Could every line below be transcribed exactly, with the pictures dropped?
::::::
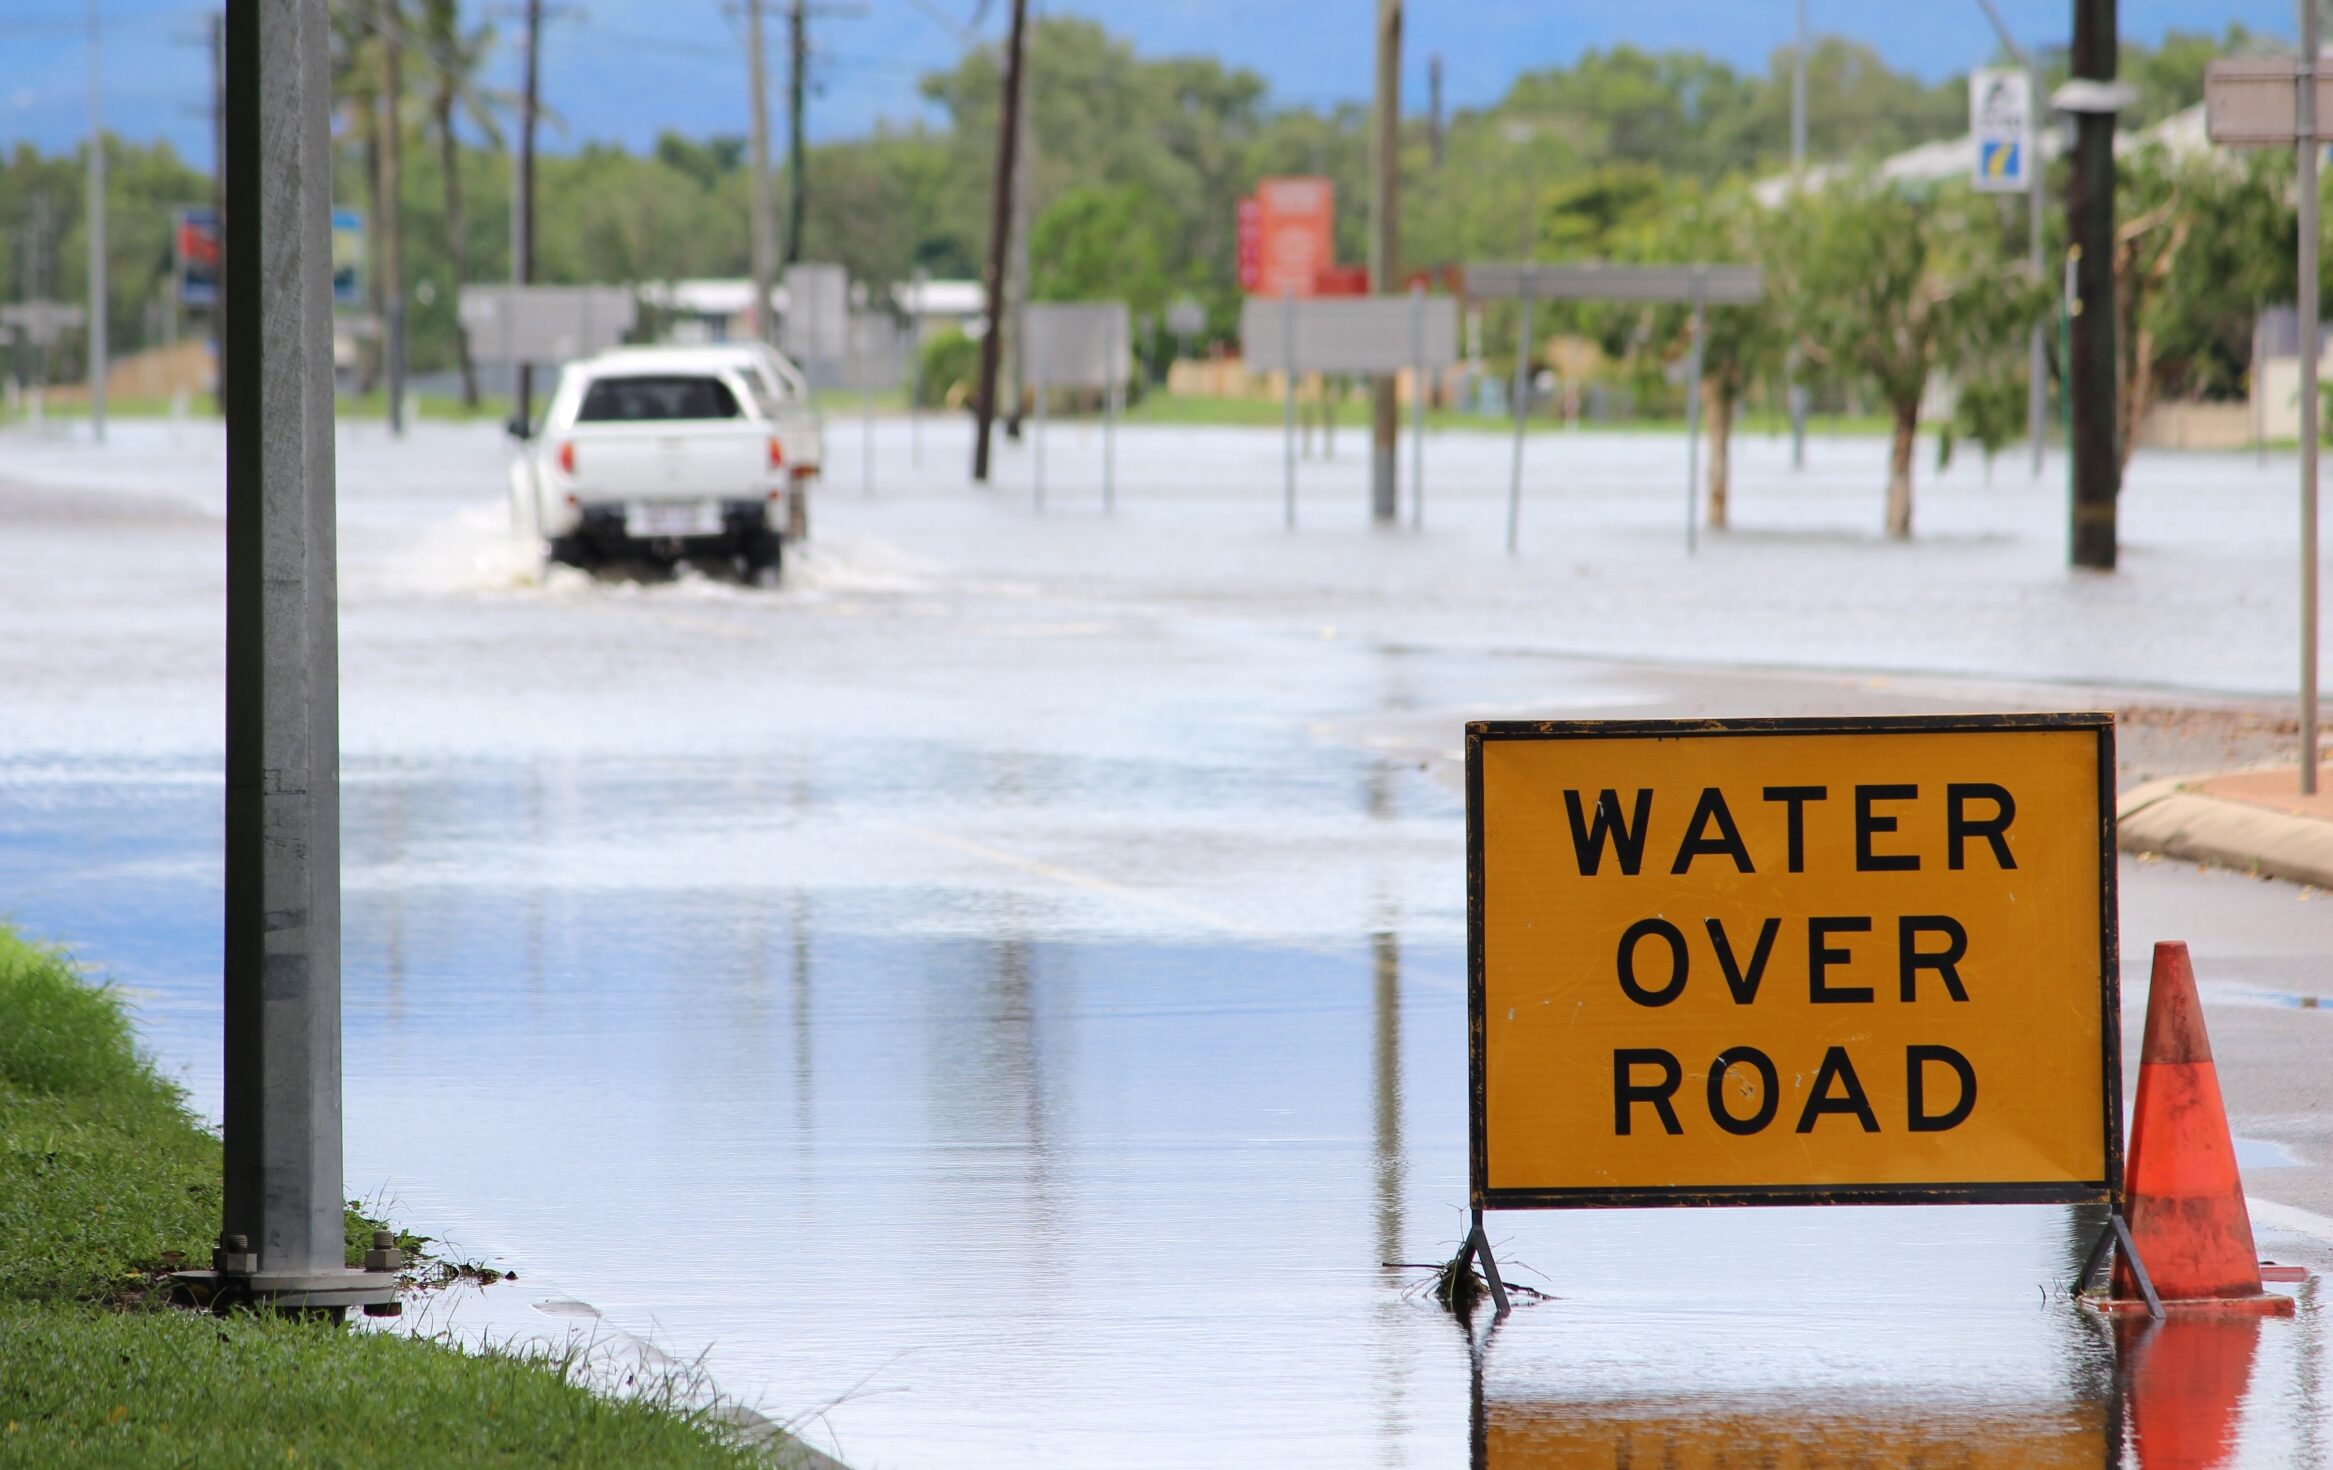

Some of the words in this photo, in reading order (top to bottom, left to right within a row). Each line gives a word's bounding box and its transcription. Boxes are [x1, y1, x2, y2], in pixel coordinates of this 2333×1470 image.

[1563, 783, 2018, 877] WATER
[1617, 915, 1970, 1008] OVER
[1613, 1045, 1978, 1136] ROAD
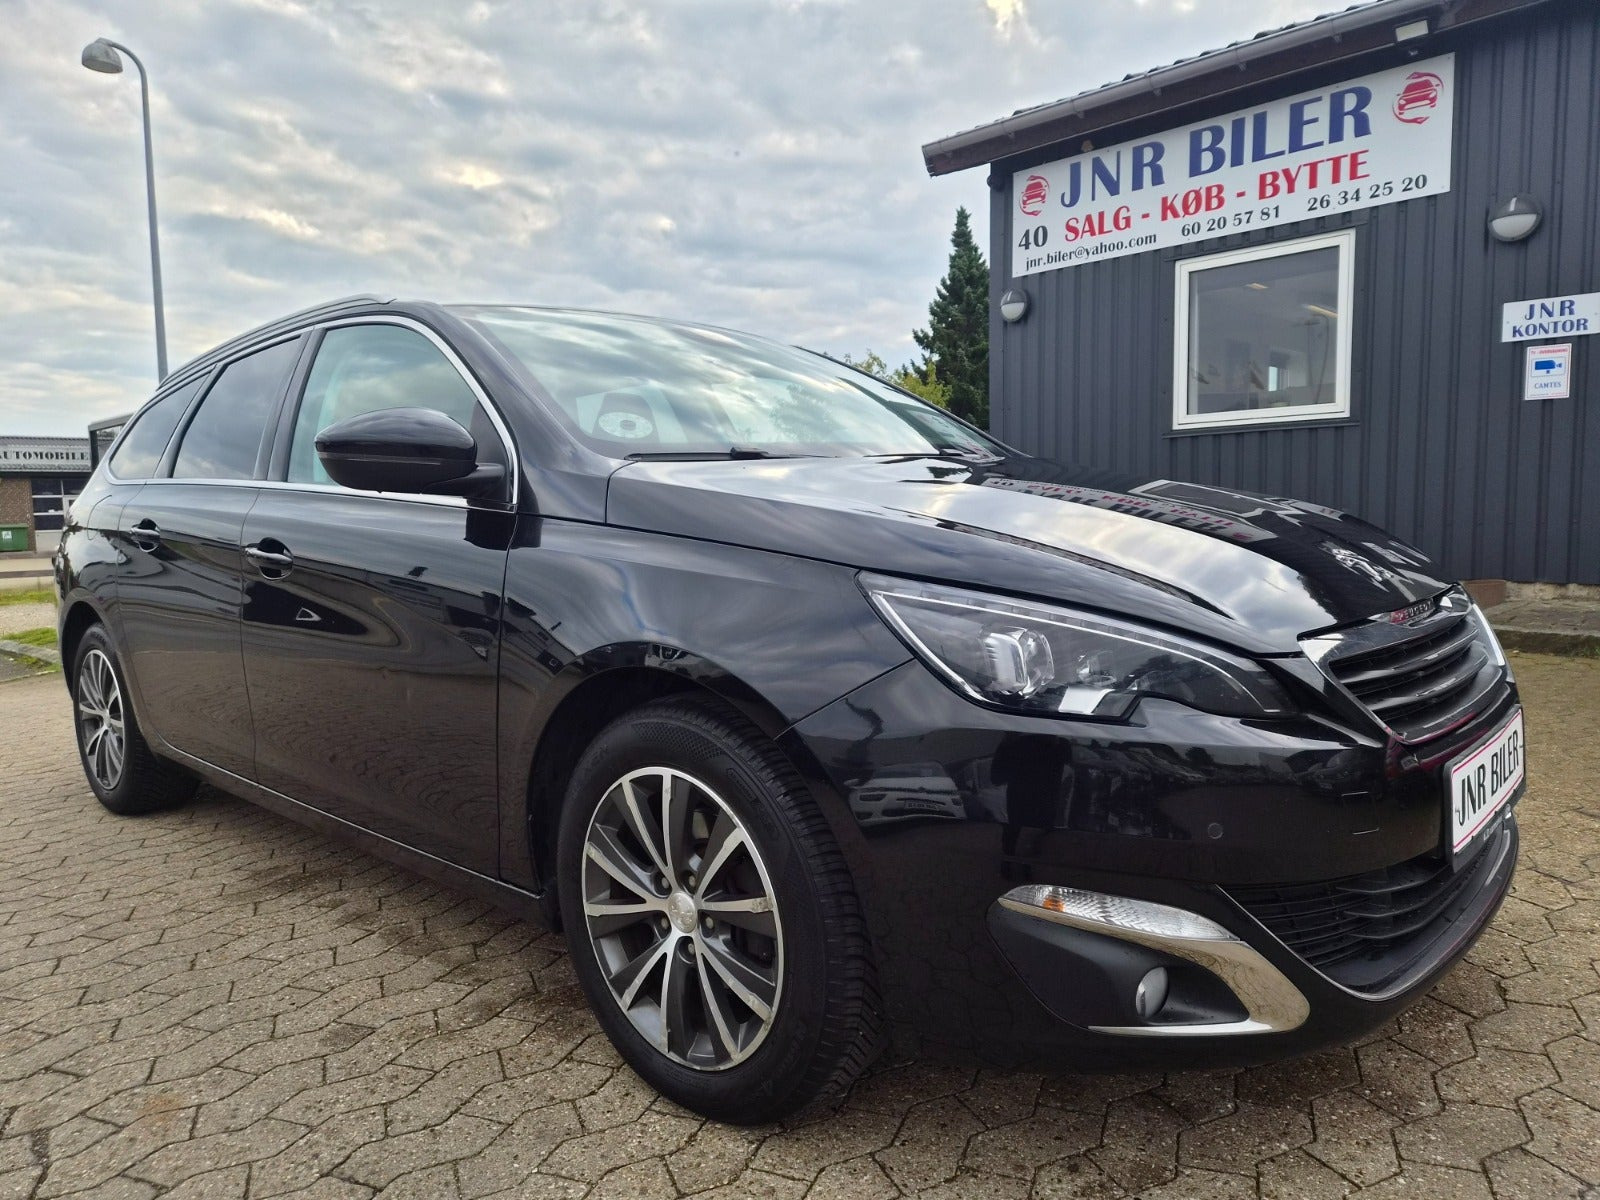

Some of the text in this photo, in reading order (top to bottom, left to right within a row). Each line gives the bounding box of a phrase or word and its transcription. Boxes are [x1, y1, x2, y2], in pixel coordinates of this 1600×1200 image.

[1060, 86, 1372, 209] JNR BILER
[1064, 205, 1132, 243] SALG
[1160, 183, 1226, 222] KØB
[1258, 149, 1371, 201] BYTTE
[1181, 174, 1429, 237] 60 20 57 81 26 34 25 20
[1018, 225, 1049, 250] 40
[1025, 233, 1158, 271] jnr.biler@yahoo.com
[1512, 318, 1589, 337] KONTOR
[1524, 299, 1575, 320] JNR
[0, 451, 88, 461] UTOMOBILE
[1458, 729, 1520, 827] JNR BILER
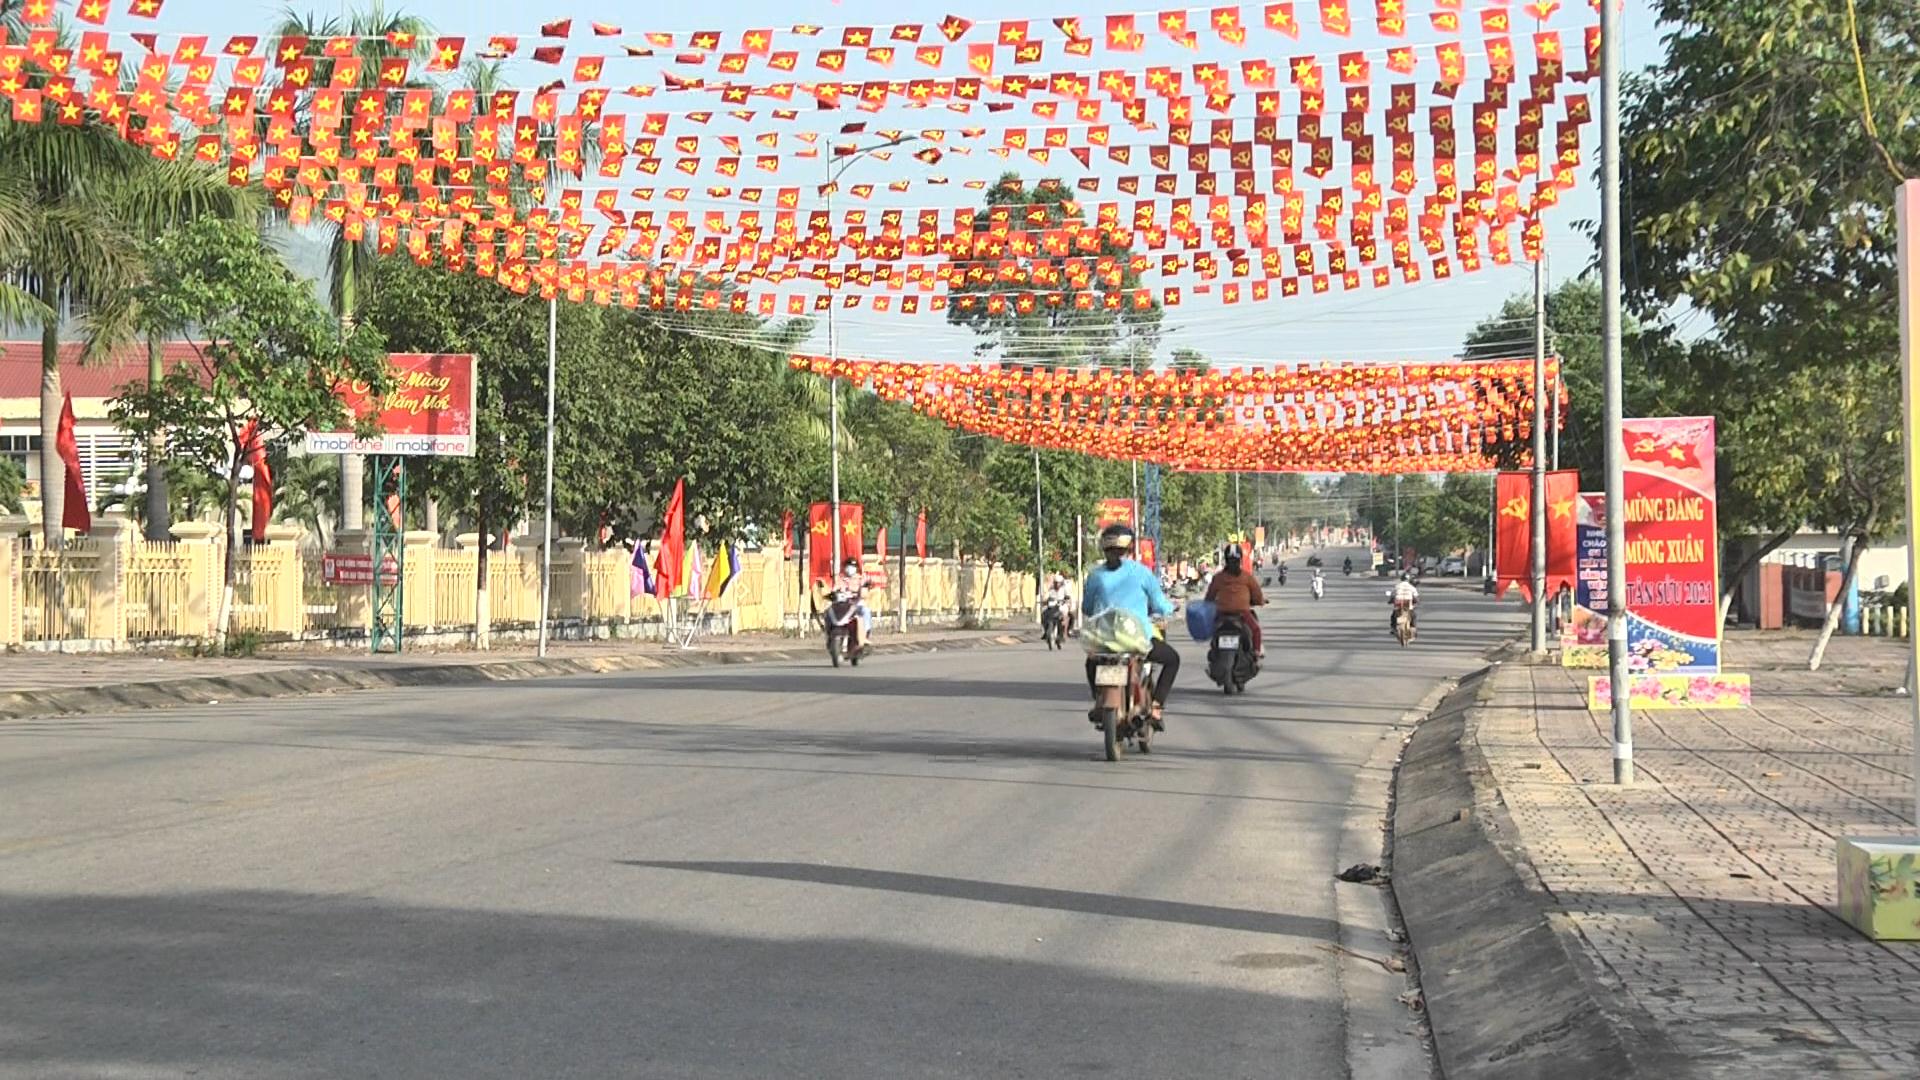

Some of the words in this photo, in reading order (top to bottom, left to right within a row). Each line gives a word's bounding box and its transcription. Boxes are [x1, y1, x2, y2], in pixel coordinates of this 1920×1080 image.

[313, 437, 383, 451] mobifone
[396, 438, 465, 452] mobifone
[1624, 491, 1663, 522] MỪNG
[1665, 490, 1704, 521] ĐẢNG
[1625, 533, 1664, 564] MỪNG
[1666, 533, 1704, 563] XUÂN
[1626, 575, 1654, 606] TÂN
[1656, 573, 1683, 606] SỬU
[1684, 580, 1713, 606] 2021
::::::
### Result of the task
Some of the words in this photo, in reading order (top to bottom, left to right within a row). Each line gives a word's bounding box and its transcription. Boxes are [x1, y1, x2, y2], in pixel coordinates of this 2333×1470 image.

[1563, 783, 2018, 877] WATER
[1617, 915, 1970, 1008] OVER
[1613, 1045, 1978, 1136] ROAD

Some of the text in this photo, in reading order (top to bottom, left to right within a row). Each line gives the bounding box of a phrase or word and its transcription. Boxes are [x1, y1, x2, y2], in pixel coordinates of this 1600×1200 image.

[1060, 86, 1372, 209] JNR BILER
[1064, 205, 1132, 243] SALG
[1160, 183, 1226, 222] KØB
[1258, 149, 1371, 201] BYTTE
[1181, 174, 1429, 237] 60 20 57 81 26 34 25 20
[1018, 225, 1049, 250] 40
[1025, 233, 1158, 271] jnr.biler@yahoo.com
[1512, 318, 1589, 337] KONTOR
[1524, 299, 1575, 320] JNR
[0, 451, 88, 461] UTOMOBILE
[1458, 729, 1520, 827] JNR BILER

Some of the words in this photo, in reading order (top to bottom, left to right within a row). Each line gives a word's bounding box and its transcription. Boxes are [x1, y1, x2, y2], in pixel coordinates of this 1920×1080 image.

[313, 437, 383, 451] mobifone
[396, 438, 465, 452] mobifone
[1624, 491, 1663, 522] MỪNG
[1665, 490, 1704, 521] ĐẢNG
[1625, 533, 1664, 564] MỪNG
[1666, 533, 1704, 563] XUÂN
[1626, 575, 1654, 606] TÂN
[1656, 573, 1683, 606] SỬU
[1684, 580, 1713, 606] 2021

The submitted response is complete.